Wednesday, January 1, 2014

What I learned from fasting

2013 has come to an end, and with that has come the end of my shopping fast for the year.  If this is the first time you're hearing about this, read what I felt God pressing me to do for the past year on my post here.

I would have never thought I could have gone a year without shopping.  There were times when I considered myself "cheating" by buying new clothes for special occasions, but friends and family have reassured me that buying a new outfit for engagement pictures is acceptable. ;) Over the past year, I've been amazed by the generosity of my friends and family, some of them who may not even realize how they've inspired me.  My best friend Lexie, my fiance Tanner, and my sweet mom have bought me clothes this year when I wasn't expecting it, and so deeply encouraged me through that.  So many friends and mentors have encouraged and challenged me through my fast, and I learned from their wisdom and prayers for me. 

I definitely learned a lot from this fast, but overall, I wish that right now I felt differently.   This was the longest fast I've ever done, and it was definitely also one of the hardest things I've ever done.  By this point, I honestly expected myself to not even want to go shopping.  I thought that by fasting for a year, I wouldn't have a desire to spend loads of money on clothes that I probably don't need.  But honestly, today all I'm thinking is about when is the soonest time I can get to a mall.

Not to say I didn't learn anything.  I do have to say that I'm extremely proud of myself for actually following through on this and not giving up when it was difficult.  I learned that I don't need everything that I see.  I learned that its better to trust God with my needs than to provide them myself.  I learned what my needs truly are.  I learned that self-control is better than instant gratification, and money is better spent on more meaningful things.  I learned that simplicity is better than excess. 

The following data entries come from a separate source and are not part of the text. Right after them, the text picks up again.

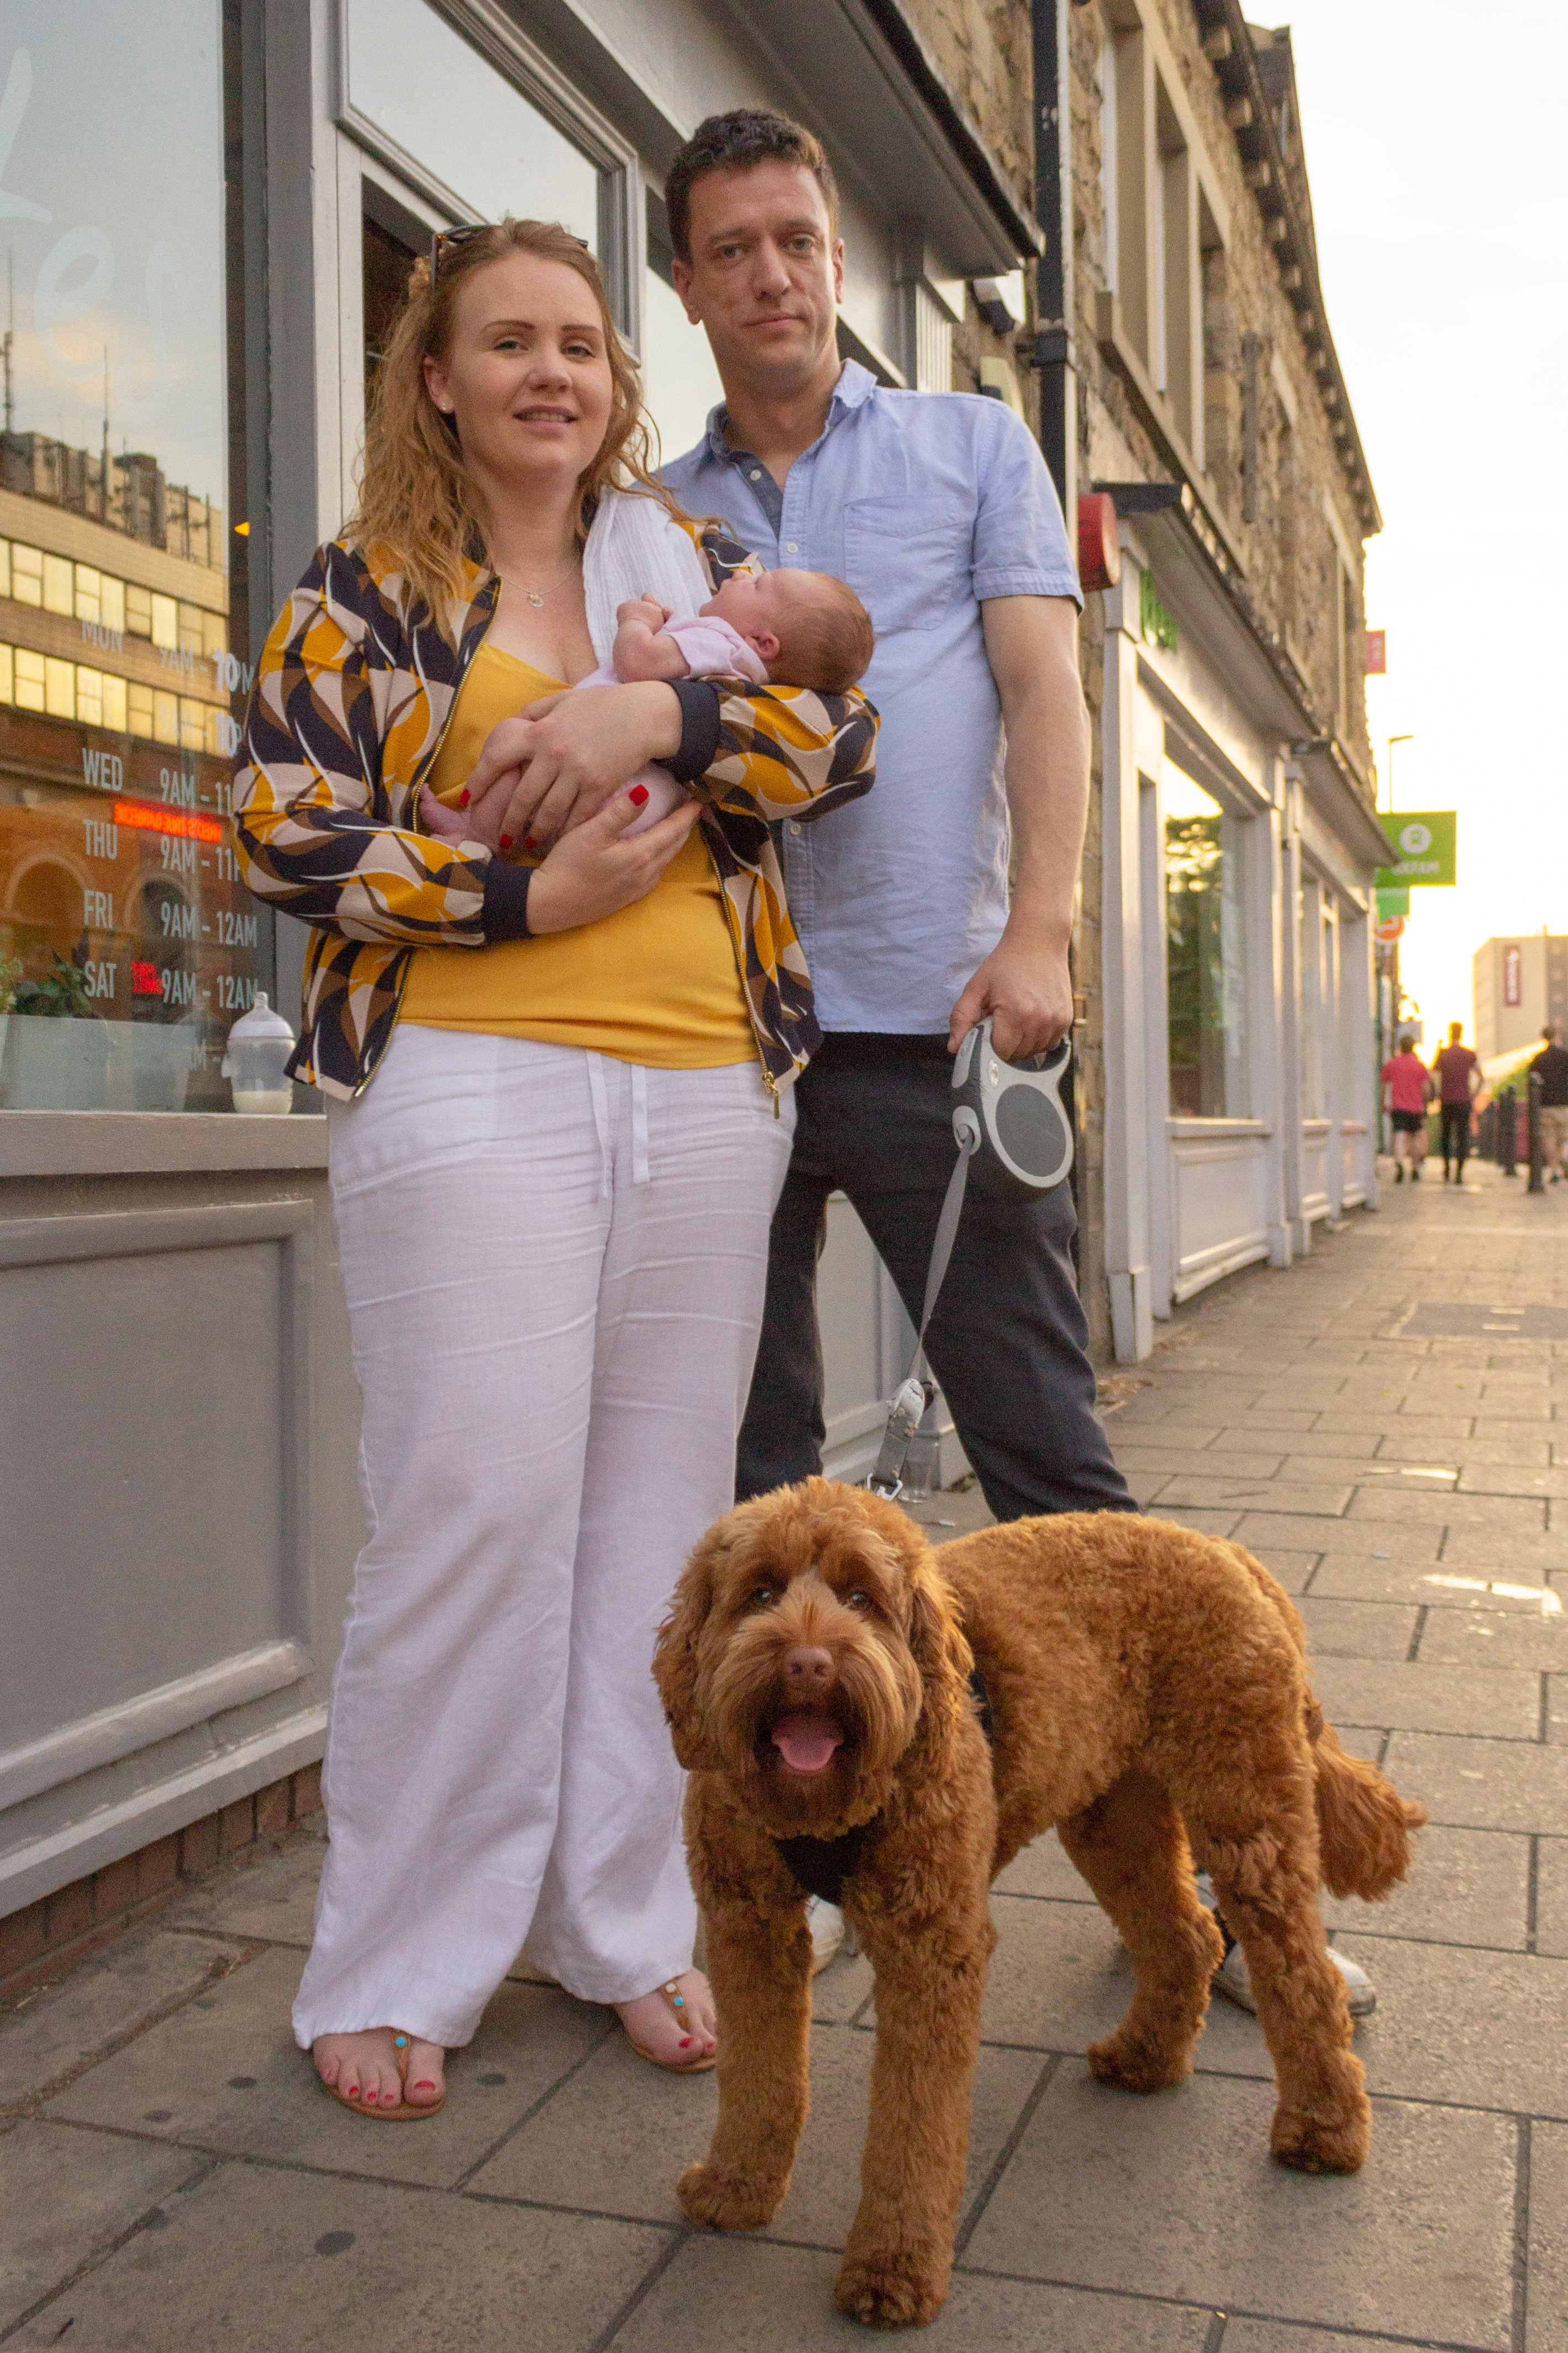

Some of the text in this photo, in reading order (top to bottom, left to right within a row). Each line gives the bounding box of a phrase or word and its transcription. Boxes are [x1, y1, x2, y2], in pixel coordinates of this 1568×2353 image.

[82, 748, 122, 791] WED
[160, 768, 195, 809] 9AM
[83, 819, 117, 860] THU
[160, 835, 196, 873] 9AM
[84, 889, 113, 929] FRI
[161, 901, 197, 940] 9AM
[216, 910, 257, 948] 12AM
[84, 961, 117, 998] SAT
[162, 969, 196, 1004] 9AM
[216, 975, 259, 1010] 12AM

I don't think its bad that I want to go shopping.  But every time I think about buying something, I think about how I could better spend the money. I've seen people across the world who barely have anything, yet I live with so much more than I need.   I'm living in a first world, but with the needs of the third world so heavy on my heart.  I'm still figuring out this balance in my life. 

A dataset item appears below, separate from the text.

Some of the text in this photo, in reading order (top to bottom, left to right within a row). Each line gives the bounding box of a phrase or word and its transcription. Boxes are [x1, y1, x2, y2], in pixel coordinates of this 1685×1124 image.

By not buying clothes, I saved money and was able to use it for different purchases.  Not trying to toot my own horn, but I was able to start sponsoring a child in Rwanda, donate generously to different causes, raise money for people in need around the world, and give meaningful gifts to friends and family by honoring them as I donate to world relief organizations. The fact that I was able to use my money more effectively was something I wasn't expecting during this year, and if that's all that I get out of this year-long fast, I'm more than satisfied. 

This year, I want to continue the lifestyle I've been living.  I will continue fasting on the first day of every month to refocusing my heart on the Lord and trust and surrender to Him.  I will also continue to be generous to others by giving sacrificially each month.  

Overall, I want to live more simply, and live with less.